DNA methylation dynamics in human induced pluripotent stem cells

  • Koichiro NishinoEmail author
  • Akihiro Umezawa
Review Article


Indeed human induced pluripotent stem cells (hiPSCs) are considered to be powerful tools in regenerative medicine. To enable the use of hiPSCs in the field of regenerative medicine, it is necessary to understand the mechanisms of reprogramming during the transformation of somatic cells into hiPSCs. Genome-wide epigenetic modification constitutes a critical event in the generation of iPSCs. In other words, to analyze epigenetic changes in iPSCs means to elucidate reprogramming processes.

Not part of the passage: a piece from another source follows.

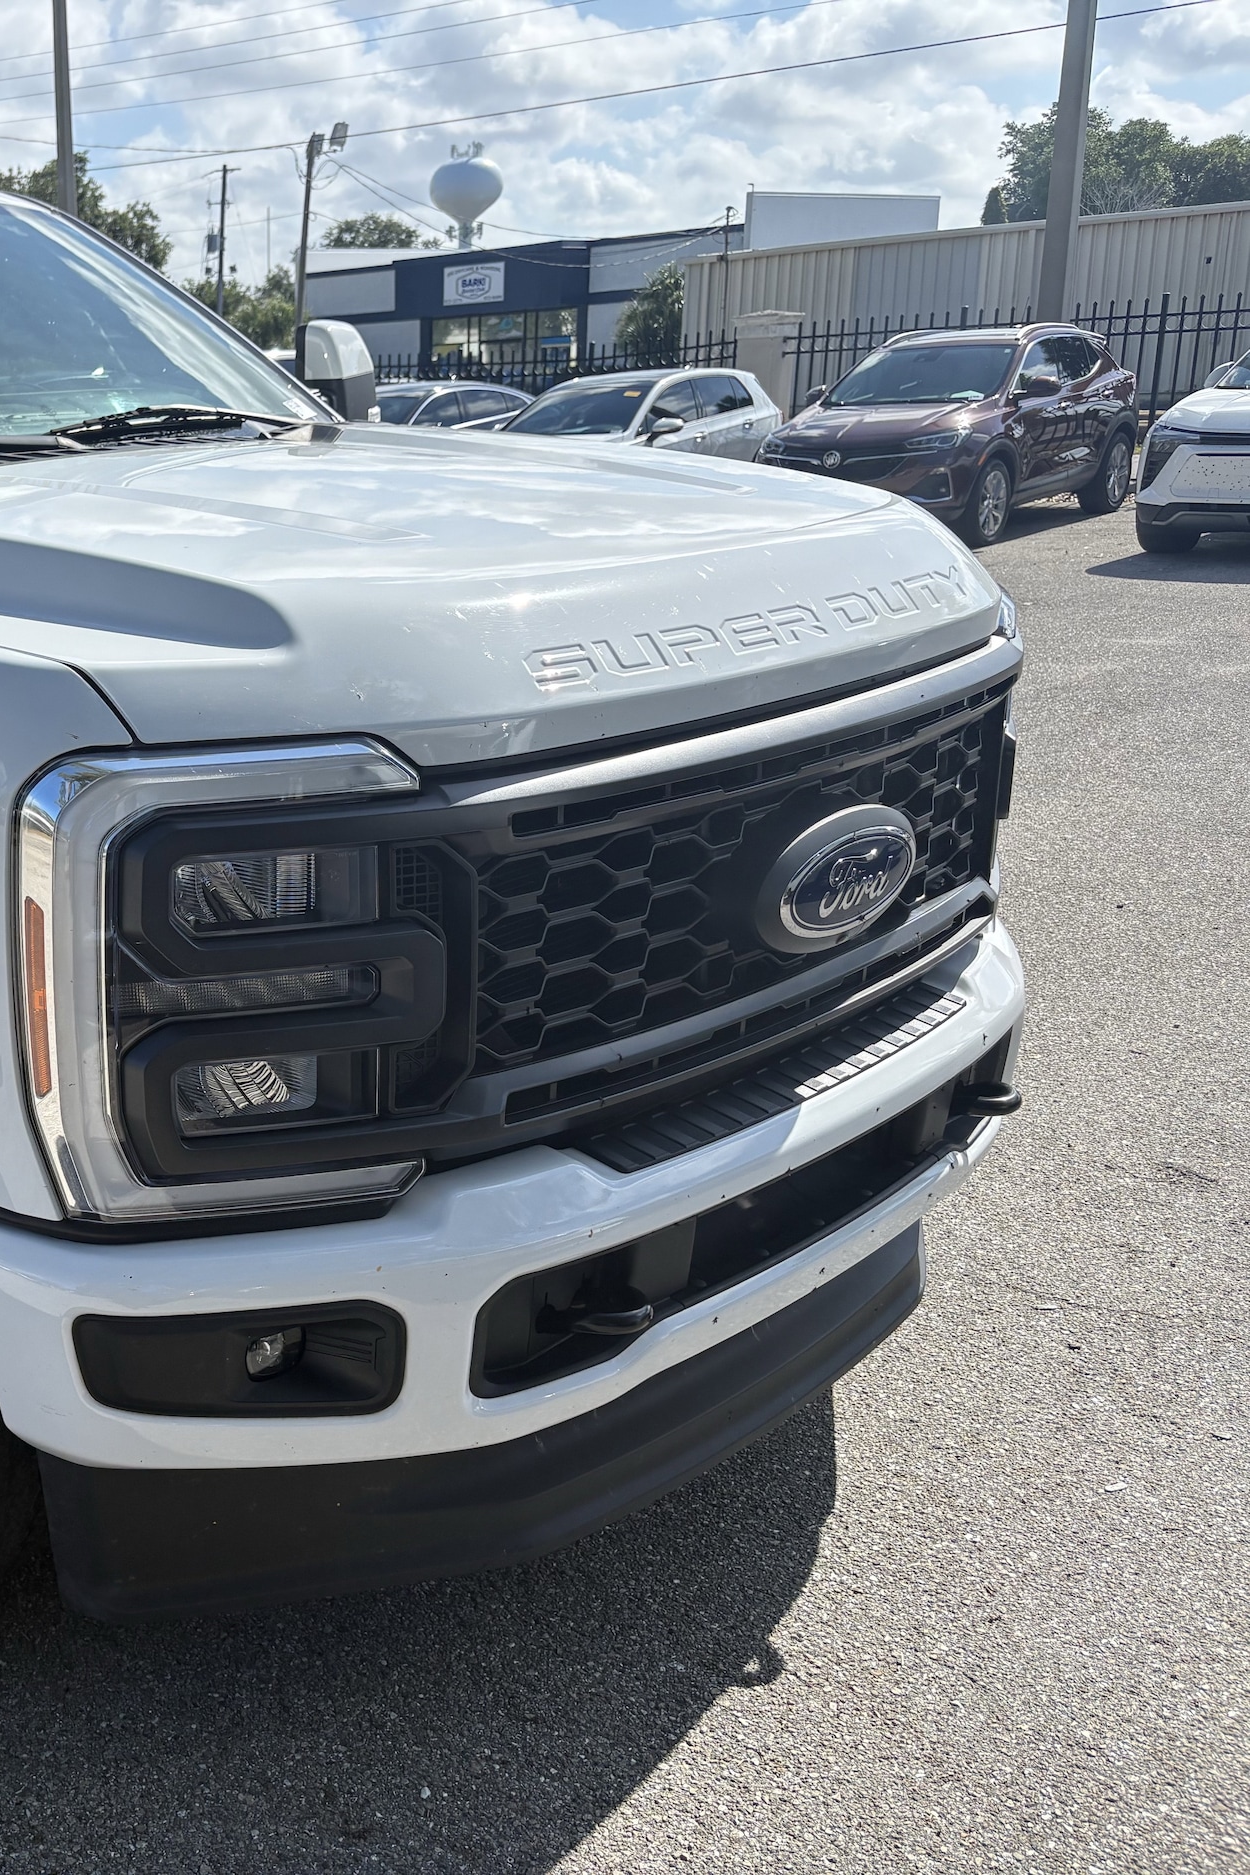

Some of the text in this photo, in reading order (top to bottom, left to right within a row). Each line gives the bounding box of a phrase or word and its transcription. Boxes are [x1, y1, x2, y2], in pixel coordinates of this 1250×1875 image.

[523, 565, 967, 691] SUPER DUTY
[818, 848, 894, 919] Ford

We have established a large number of hiPSCs derived from various human tissues and have obtained their DNA methylation profiles. Comparison analyses indicated that the epigenetic patterns of various hiPSCs, irrespective of their source tissue, were very similar to one another and were similar to those of human embryonic stem cells (hESCs). However, the profiles of hiPSCs and hESCs exhibited epigenetic differences, which were caused by random aberrant hypermethylation at early passages. Interestingly, continuous passaging of the hiPSCs diminished the differences between DNA methylation profiles of hiPSCs and hESCs. The number of aberrant DNA methylation regions may thus represent a useful epigenetic index for evaluating hiPSCs in the context of therapeutic applications.


Human induced pluripotent stem cells DNA methylation Epigenetics Reprogramming 


Compliance with ethical standards

Conflict of interest

The authors declare no conflict of interest.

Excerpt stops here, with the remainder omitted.